Once the pictures have been removed, repeat the remainder of the records exactly.

** Opening Dataset block **

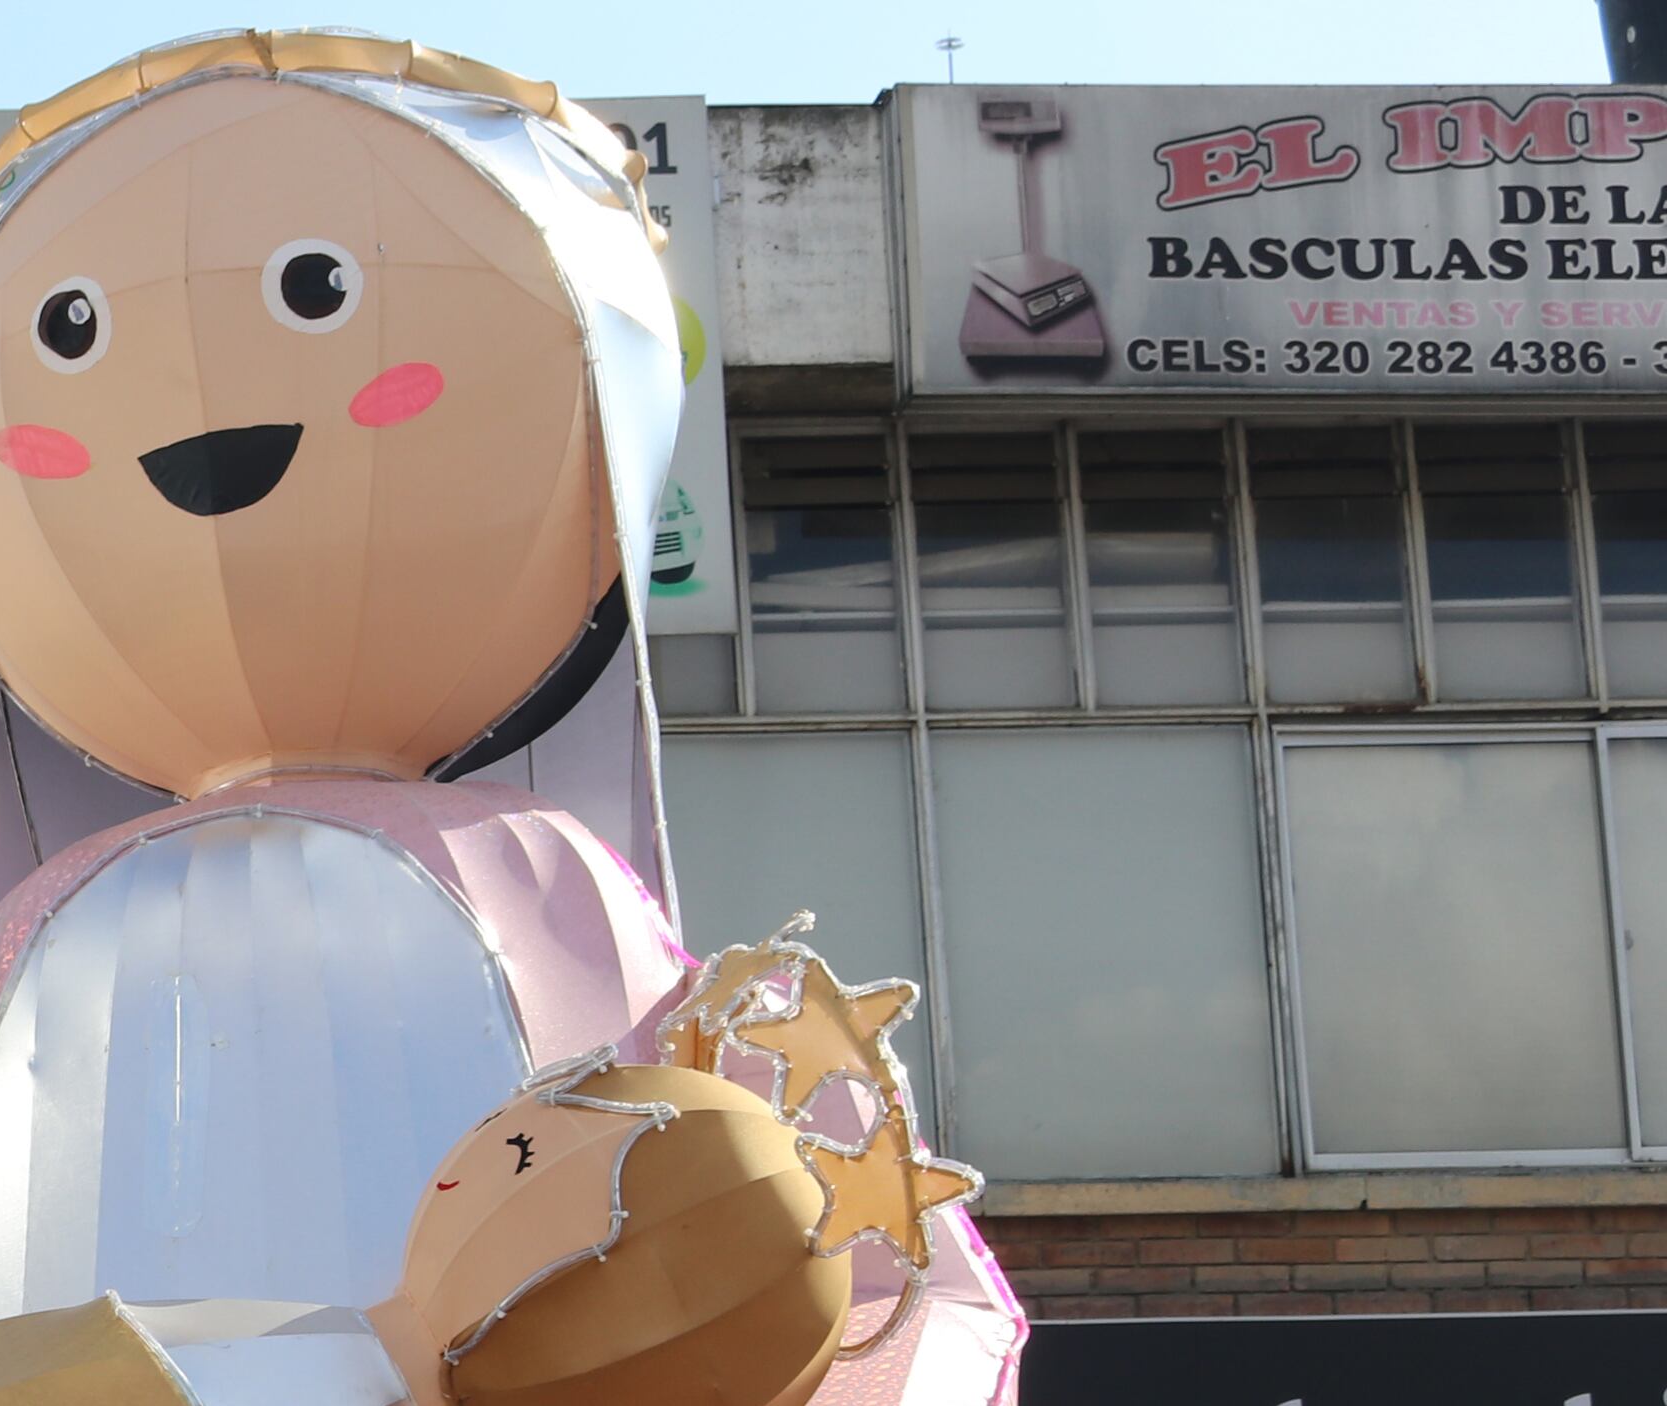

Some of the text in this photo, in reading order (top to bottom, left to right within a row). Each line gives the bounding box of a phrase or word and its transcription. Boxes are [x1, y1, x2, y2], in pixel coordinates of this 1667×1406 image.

[1155, 93, 1667, 211] EL IMP
[1498, 185, 1591, 225] DE
[1148, 237, 1667, 280] BASCULAS ELE
[1290, 301, 1666, 328] VENTAS Y SERV
[1126, 339, 1267, 375] CELS:
[1284, 340, 1370, 375] 320
[1387, 340, 1474, 375] 282
[1490, 340, 1607, 375] 4386
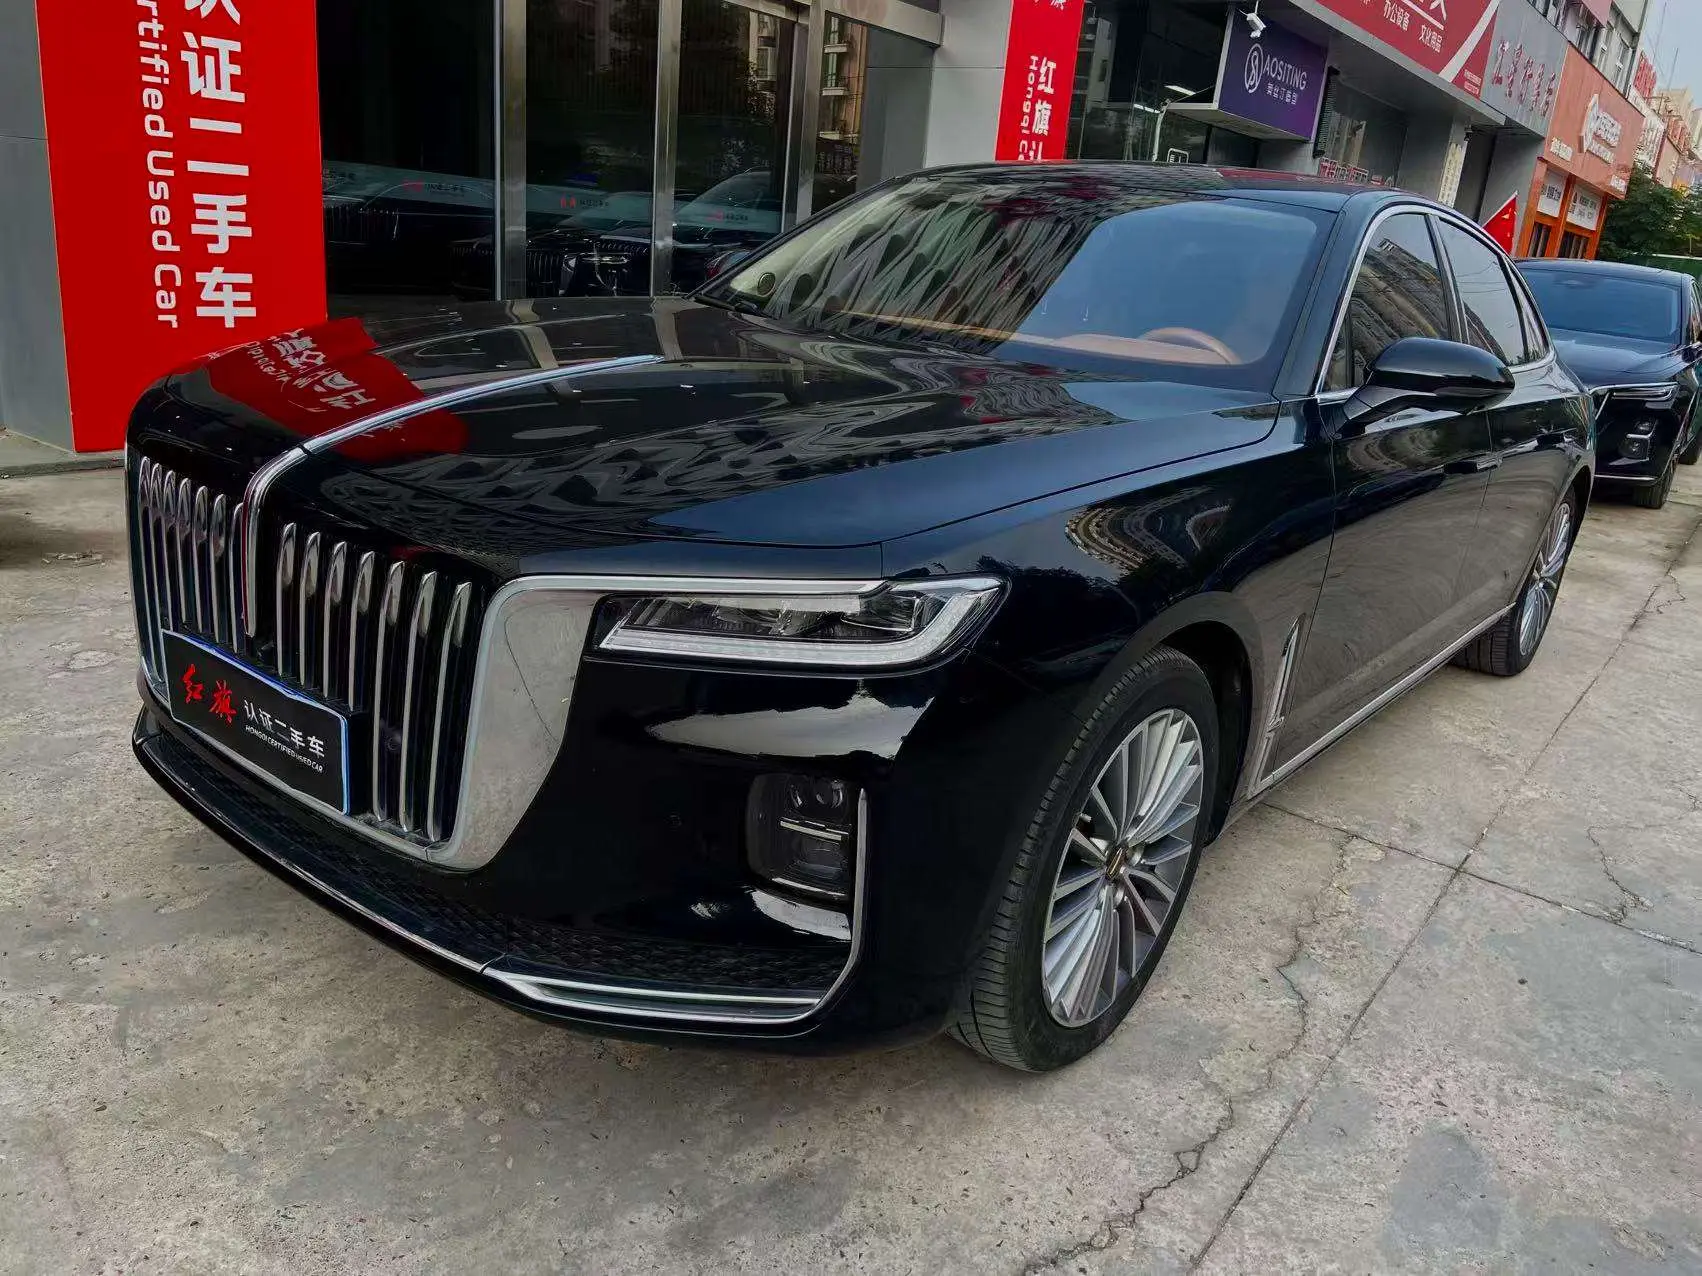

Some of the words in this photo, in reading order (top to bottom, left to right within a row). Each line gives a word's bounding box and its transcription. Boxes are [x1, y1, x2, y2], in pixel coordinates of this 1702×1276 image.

[1419, 25, 1443, 53] 文化用品
[1263, 54, 1308, 90] AOSITING
[147, 151, 181, 252] Used
[155, 264, 183, 329] Car
[244, 700, 325, 759] 认证二手车

** Closing Dataset block **

-- Answer --
Some of the text in this photo, in reading order (top to bottom, left to right within a row). Each line gives the bounding box of a phrase or word and its transcription. Boxes are [x1, y1, x2, y2], in pixel coordinates of this 1667×1406 image.

[1155, 93, 1667, 211] EL IMP
[1498, 185, 1591, 225] DE
[1148, 237, 1667, 280] BASCULAS ELE
[1290, 301, 1666, 328] VENTAS Y SERV
[1126, 339, 1267, 375] CELS:
[1284, 340, 1370, 375] 320
[1387, 340, 1474, 375] 282
[1490, 340, 1607, 375] 4386

Some of the words in this photo, in reading order (top to bottom, left to right within a row). Each line gives a word's bounding box and its transcription. Boxes are [x1, y1, x2, y2], in pixel coordinates of this 1702×1276 image.

[1419, 25, 1443, 53] 文化用品
[1263, 54, 1308, 90] AOSITING
[147, 151, 181, 252] Used
[155, 264, 183, 329] Car
[244, 700, 325, 759] 认证二手车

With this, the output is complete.